ECE2017 Guided Posters Bone & Calcium Homeostasis 1 (10 abstracts)
1Endocrinology/Medicine Department, Hospital Sant Pau, Centro de Investigación Biomédica en Red de Enfermedades Raras (CIBERER 747), II-B Sant Pau, ISCIII, Universitat Autònoma de Barcelona (UAB), Barcelona, Spain; 2URFOA, IMIM (Institut Hospital del Mar dInvestigacions Mèdiques), Universitat Autònoma de Barcelona, Barcelona, Spain; 3Mineral Metabolism Unit, Medicine Department, Hospital Sant Pau, Barcelona, Spain.
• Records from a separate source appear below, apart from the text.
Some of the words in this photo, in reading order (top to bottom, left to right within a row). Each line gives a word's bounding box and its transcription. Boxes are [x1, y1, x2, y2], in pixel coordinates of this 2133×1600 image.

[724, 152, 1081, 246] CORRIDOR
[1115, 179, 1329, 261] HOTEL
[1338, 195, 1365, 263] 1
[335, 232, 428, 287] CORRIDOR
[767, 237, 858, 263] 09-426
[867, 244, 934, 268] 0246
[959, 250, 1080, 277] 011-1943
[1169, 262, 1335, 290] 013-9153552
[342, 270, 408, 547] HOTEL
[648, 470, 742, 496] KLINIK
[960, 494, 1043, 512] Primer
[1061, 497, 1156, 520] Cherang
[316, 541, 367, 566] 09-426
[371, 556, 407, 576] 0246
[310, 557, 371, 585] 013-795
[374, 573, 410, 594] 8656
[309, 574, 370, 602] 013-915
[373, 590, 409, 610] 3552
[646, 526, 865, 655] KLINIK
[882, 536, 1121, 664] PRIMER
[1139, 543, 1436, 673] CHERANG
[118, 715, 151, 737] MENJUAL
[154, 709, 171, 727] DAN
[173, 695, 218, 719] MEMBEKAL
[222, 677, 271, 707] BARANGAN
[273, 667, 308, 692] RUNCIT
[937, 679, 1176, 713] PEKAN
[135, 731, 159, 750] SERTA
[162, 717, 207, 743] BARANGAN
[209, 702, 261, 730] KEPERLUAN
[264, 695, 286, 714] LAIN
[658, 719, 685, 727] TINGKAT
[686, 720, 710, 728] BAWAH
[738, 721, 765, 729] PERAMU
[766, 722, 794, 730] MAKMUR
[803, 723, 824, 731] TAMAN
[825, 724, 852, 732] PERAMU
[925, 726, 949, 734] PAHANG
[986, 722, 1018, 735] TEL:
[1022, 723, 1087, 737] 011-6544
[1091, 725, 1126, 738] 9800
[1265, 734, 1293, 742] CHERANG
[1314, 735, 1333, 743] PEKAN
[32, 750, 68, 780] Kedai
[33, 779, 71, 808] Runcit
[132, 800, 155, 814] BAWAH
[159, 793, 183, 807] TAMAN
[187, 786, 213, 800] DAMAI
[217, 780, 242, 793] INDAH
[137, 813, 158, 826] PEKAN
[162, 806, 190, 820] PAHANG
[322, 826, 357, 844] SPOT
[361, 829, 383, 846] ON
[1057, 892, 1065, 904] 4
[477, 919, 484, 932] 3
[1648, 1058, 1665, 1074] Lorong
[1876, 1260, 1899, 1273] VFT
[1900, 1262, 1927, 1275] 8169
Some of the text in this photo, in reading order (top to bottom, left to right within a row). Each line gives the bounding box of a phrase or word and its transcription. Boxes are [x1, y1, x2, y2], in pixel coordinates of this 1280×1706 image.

Objective: Acromegaly (ACRO) is associated with abnormal bone remodeling and reduced volumetric bone mineral density (vBMD) at the lumbar spine and proximal femur. Circulating microRNAs (miRNAs) modulate the activity of osteoblasts and osteoclasts, and are currently being investigated as potential biomarkers of osteoporosis. The aims of our study were: 1) To identify differentially expressed miRNAs in the serum of five patients with active ACRO vs. healthy controls, and 2) To correlate selected miRNAs concentrations with altered bone parameters in 11 ACRO patients.
Patients and methods: Eleven patients with active ACRO (six females; mean age, 47.5±6.7 years; BMI, 27.2±3.8 kg/m2) and 11 age-, gender-, and BMI-matched controls were recruited. Analysis of differential expression of miRs was performed in 5 of them (5 males; mean age, 44.3±4.3; BMI, 26.2±2.8). Areal BMD (aBMD) at lumbar spine and femur was assessed through dual energy X-ray- absorptiometry (DXA); vBMD was measured by quantitative computed tomography (QCT). Serum miRNA levels were assessed by qPCR. Osteocalcin (OC), type 1 amino-terminal propeptide (P1NP) and carboxy-terminal collagen crosslinks (CTx) were measured using electrochemiluminescent immunoassay.
Results: Expression of miR-885-5p, miR-99a-5p, and miR-29a-3p was significantly higher, while that of miR-7-1-3p and miR-335-3p was significantly lower in the ACRO patients. Both miR-885-5p and miR-7-1-3p were inversely associated with femoral aBMD (r=−0.64, P=0.034 and r=−0.73, P=0.009, respectively), and trocantheric vBMD (r=−0.66; ρ=0.038 and ρ=0.67; P=0.023) in ACRO but not in the controls. They were also positively associated with P1NP (r=0.82, P=0.002 and r=0.79, P=0.004, respectively) and CTx (r=0.73, P=0.010 and r=0.68, P=0.019) in ACRO. MiR-99a-5p was inversely associated with femoral aBMD (r=−0.66, P=0.26) and positively associated with P1NP (r=0.83; P=0.001) and CTx (r=0.88, P<0.001) in ACRO only. The relationship between femoral aBMD and miR-99a-5p remained significant after adjusting for age and IGF-SDS (β=−0.52, P=0.012).
Conclusions: Circulating miRNAs may be one of the mechanisms whereby BMD is impaired, mainly at the femoral level. Further larger studies are needed to confirm these preliminary data.